Music With Meaning

It seems apt to follow on from Akala, a rapper who has lots to say, that's postive, worthwhile and engaging, and flag up a recently launched campaign: Music With Meaning.

If you have had enough of vacuous meaningless, WASTE, music - whether that's reality tv bands, crazy frog, blinged up-jiggy-gangsta hip POP, then log onto to www.myspace.com/jointhestruggle or sign up at www.musicwithmeaning.co.uk

Apparently the 'market'dictates what we are given. The music industry, would have us believe it's only servicing our needs and wants - so ultimately we're responsible for the utter shite that constitutes much of contemporary, popular music.

So ergo, if we want that to change, we must make a stand. To quote, Fatboy Slim, 'Right Here, Right Now.'Perhaps it's more fitting to use the words of the greatest polemicists modern music has ever known, Public Enemy, 'Fight The Power.'


Akala - Man on a mission

Akala - articulate, informed and on a mission

A version of this appeared in Metro, newspaper on Monday January 29th.
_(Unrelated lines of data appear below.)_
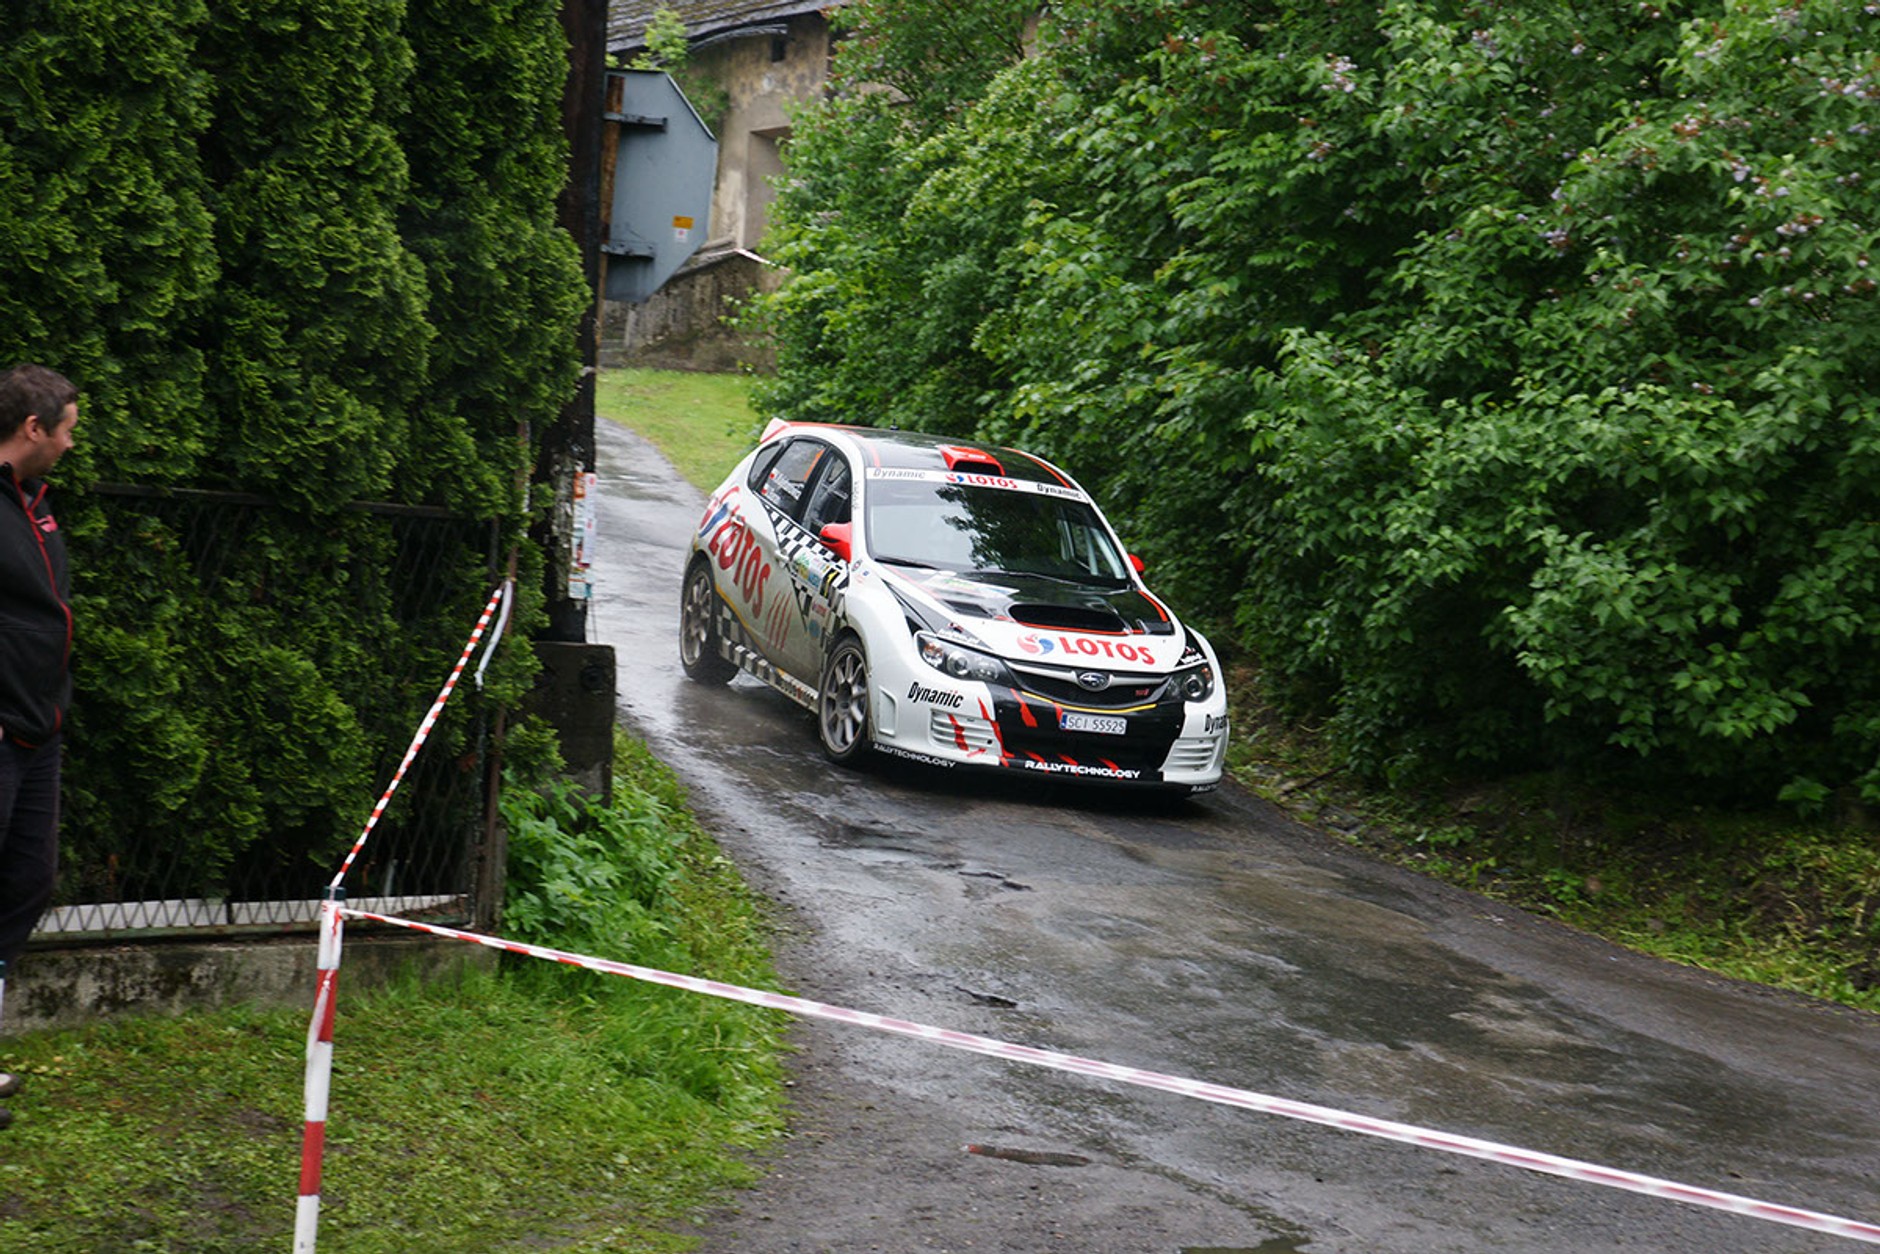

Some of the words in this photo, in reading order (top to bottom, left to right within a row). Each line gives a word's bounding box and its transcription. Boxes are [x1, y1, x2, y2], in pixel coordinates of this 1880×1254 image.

[873, 466, 926, 480] Dynamic
[967, 474, 1018, 489] LOTOS
[708, 504, 771, 620] LOTOS
[1058, 636, 1156, 666] LOTOS
[907, 681, 964, 708] Dynamic
[1066, 714, 1088, 729] SCI
[1092, 717, 1126, 733] 55525
[872, 742, 956, 769] RALLYTECHNOLOGY
[1024, 759, 1141, 780] RALLYTECHNOLOGY
What's to say? In our 30 minute phoner, Akala came across as a very well informed, thoughtful and passionate young man: passionate to make music with meaning, and passionate to make a difference. I'll be honest, I wasn't overly impressed with his debut album, It's Not A Rumour, mainly due to the production, rather than rap style or lyrical content, so was surprised to find he won a MOBO in 2006 for Best Hip Hop. But credit where credit is due - Roll With Us is a great single, and his A Little Darker mixtape - late 2006 - with his big sis (Ms Dynamite) is H.E.A.V.Y. And all the more so, for uniting the grime scene with the hip hop scene and pushing UK microphone music, black British music (note my lack of the use of word - URBAN), forward.

60 Seconds Interview


North London rapper, Akala, 23, is one of Britain’s brightest music prospects and followed in the footsteps of his older sister Ms Dynamite, in scooping a MOBO (Best hip hop) for his debut album, ‘It’s Not A Rumour’, last year. Akala is an ambassador for Rhyme4Respect, a safe sex campaign also supported by artists including Rhymefest and Estelle.

What is Rhyme4Respect?
It’s about encouraging young people to practise safer sex - the motto is, ‘Want respect? Use a condom’. It’s trying to prevent the spread of problems like STDs and teenage pregnancy – our rates are very high compared with Europe and the rest of the world. It’s something I want to be involved in because half the girls I went to school with have got kids who are six or seven years old now. So it’s something I can relate to and if artists have the power to influence young people for the positive, then that’s good.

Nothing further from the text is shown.